Having saved a match point in an epic triumph over Dan Evans in the last round, Wawrinka, a semifinalist in 2013 and 2015, cruised through the first two sets against Illya Marchenko.
The U.S. Tennis Association confirmed that the noise was due to a malfunctioning digital audio sound processor which will be replaced between Wednesday’s day and night sessions.
“Her serve”, the 92nd-ranked Konjuh summed up, “is just too good”. “That was the difference”.
“It was obviously different serving under the roof”, he said.
“After the rain delay I think I was more focused and started playing better tennis, so I was getting more confidence”.
“On Sunday night I tried to get in bed early and I slept for 12 hours straight”.
“That would be the fastest serve I’ve hit, the other best serve was here at the US Open around 138 but I have never hit over 140”. The Scot served consistently and broke Dimitrov seven times, punishing the Bulgarian’s erratic serves. “I just didn’t hold serve enough”.
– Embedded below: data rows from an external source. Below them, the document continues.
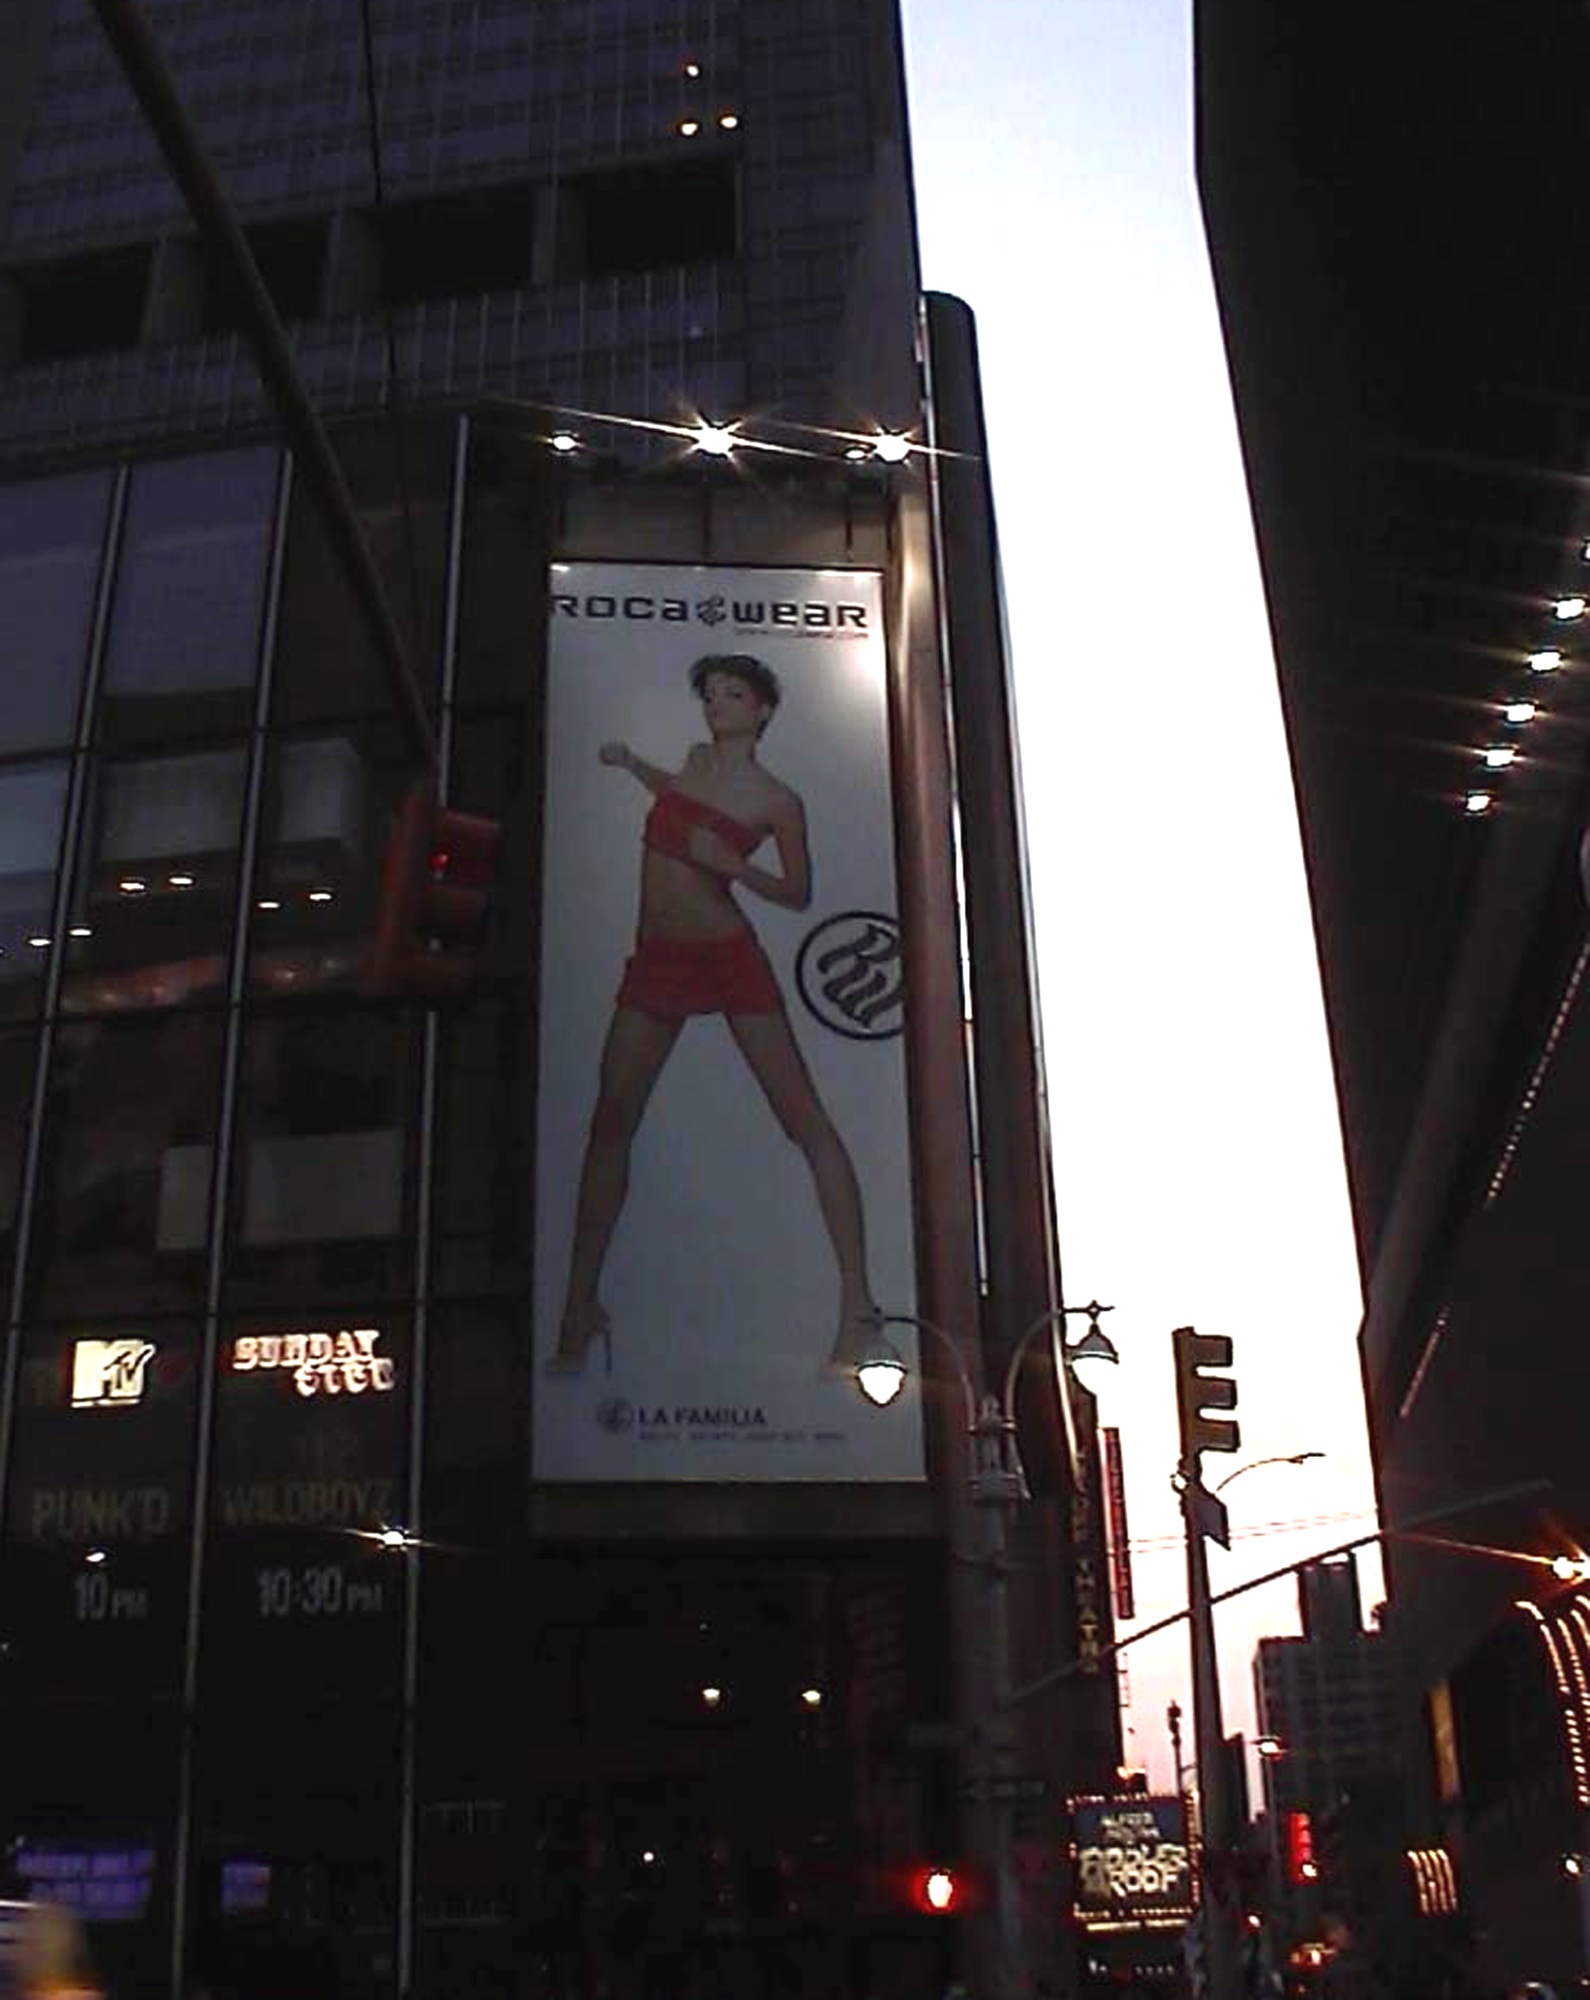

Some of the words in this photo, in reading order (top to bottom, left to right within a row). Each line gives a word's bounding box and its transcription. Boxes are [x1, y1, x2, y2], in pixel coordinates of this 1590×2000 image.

[73, 1339, 155, 1399] MTV
[233, 1330, 380, 1369] SUNDAY
[639, 1407, 668, 1425] LA
[675, 1407, 767, 1426] FAMILIA
[32, 1485, 169, 1538] PUNK'D
[75, 1574, 109, 1620] 10
[257, 1565, 342, 1618] 10:30
But the English beat would get no easier the rest of the way Wednesday afternoon on Arthur Ashe Stadium court, after Nishikori rebounded and gutted out a thrilling five-set victory – 1-6, 6-4, 4-6, 6-1, 7-5 – to advance to the U.S. Open semifinals for the second time in his career.
Nishikori, runner-up here in 2014, goes through to his second grand slam semi-final, where he will face either Juan Martin del Potro or Stan Wawrinka.
The first two quarter-finals take place on Tuesday when defending champion Novak Djokovic faces France’s Jo-Wilfried Tsonga and Lucas Pouille, the conqueror of Rafael Nadal, tackles French compatriot Gael Monfils.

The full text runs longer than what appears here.